Task description
Repeat the records below exactly, leaving out every picture.

○ ○ ○

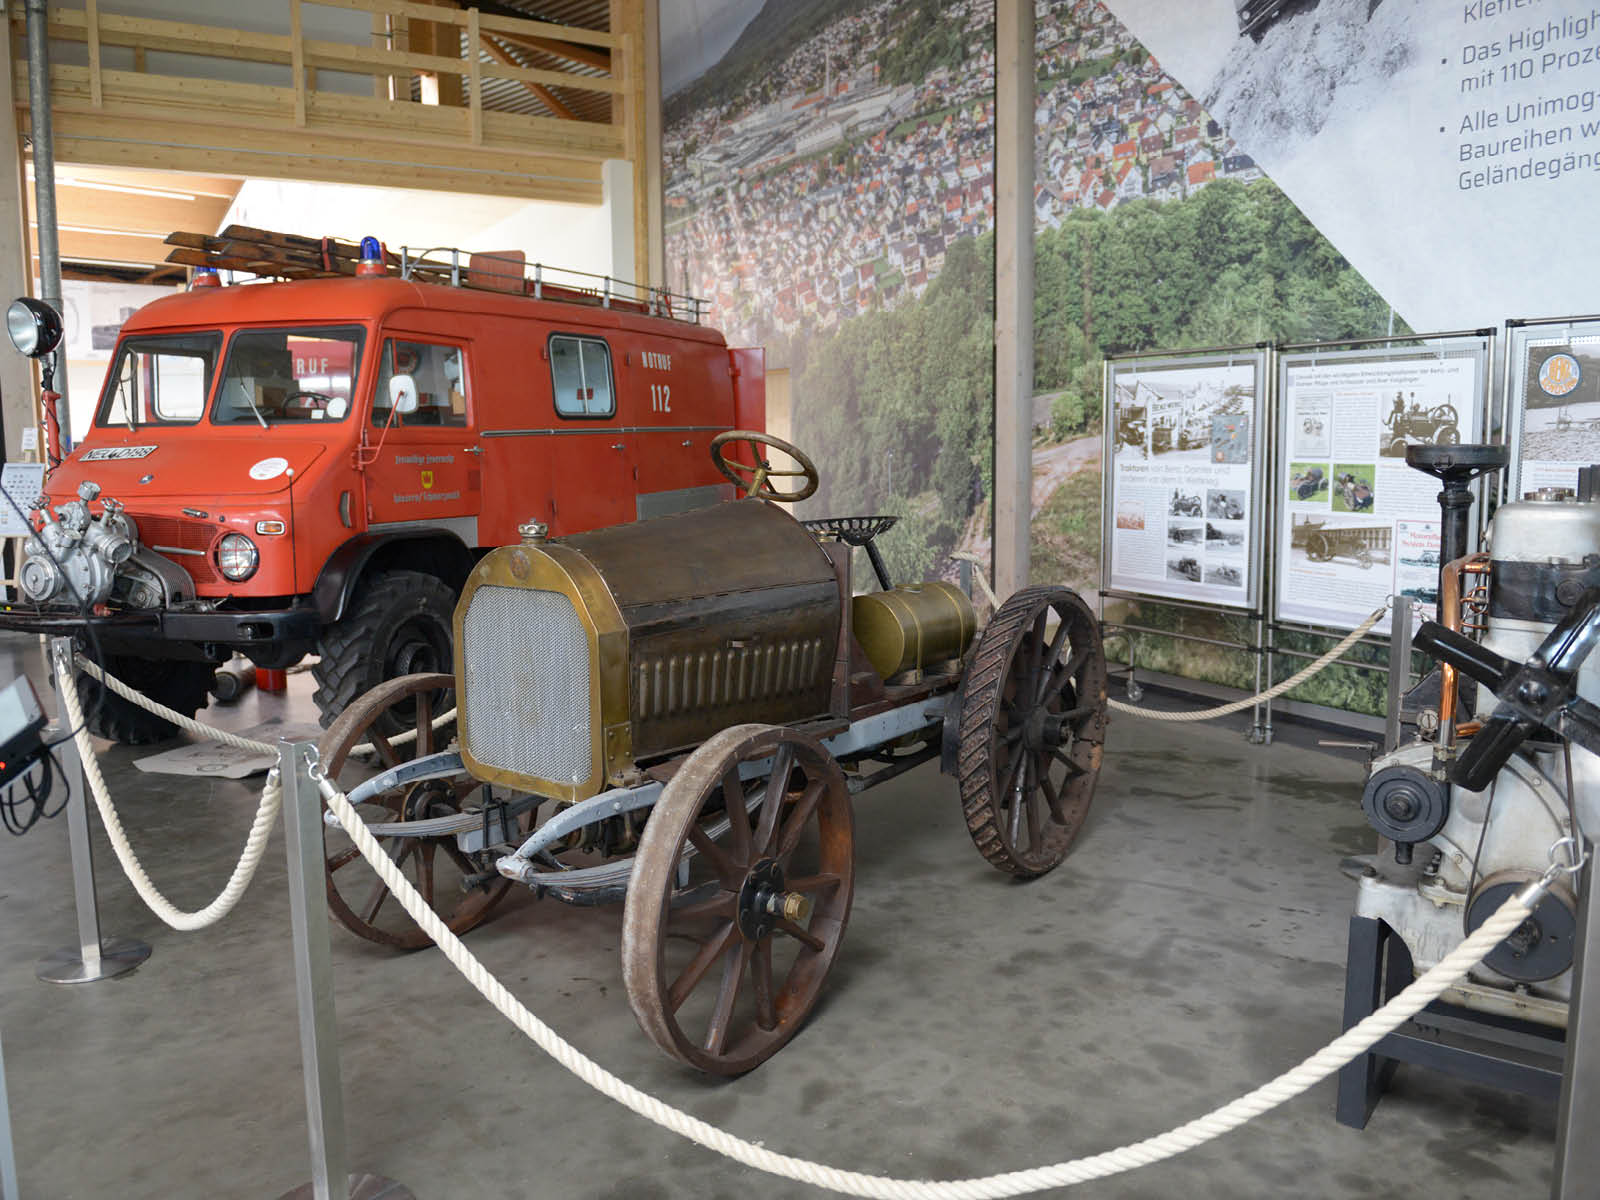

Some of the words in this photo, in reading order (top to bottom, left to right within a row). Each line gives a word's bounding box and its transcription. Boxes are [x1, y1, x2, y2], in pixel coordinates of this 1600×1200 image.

[1463, 42, 1501, 65] Das
[1461, 69, 1495, 93] mit
[1501, 58, 1534, 83] 110
[1459, 110, 1499, 135] Alle
[1460, 126, 1572, 162] Baureihen
[296, 358, 329, 375] RUF
[641, 351, 672, 370] NOTRUF
[651, 384, 671, 413] 112

○ ○ ○

Task solution
Some of the words in this photo, in reading order (top to bottom, left to right within a row). Each line gives a word's bounding box and its transcription. Boxes are [x1, y1, x2, y2], in pixel coordinates of this 1600×1200 image.

[1463, 42, 1501, 65] Das
[1461, 69, 1495, 93] mit
[1501, 58, 1534, 83] 110
[1459, 110, 1499, 135] Alle
[1460, 126, 1572, 162] Baureihen
[296, 358, 329, 375] RUF
[641, 351, 672, 370] NOTRUF
[651, 384, 671, 413] 112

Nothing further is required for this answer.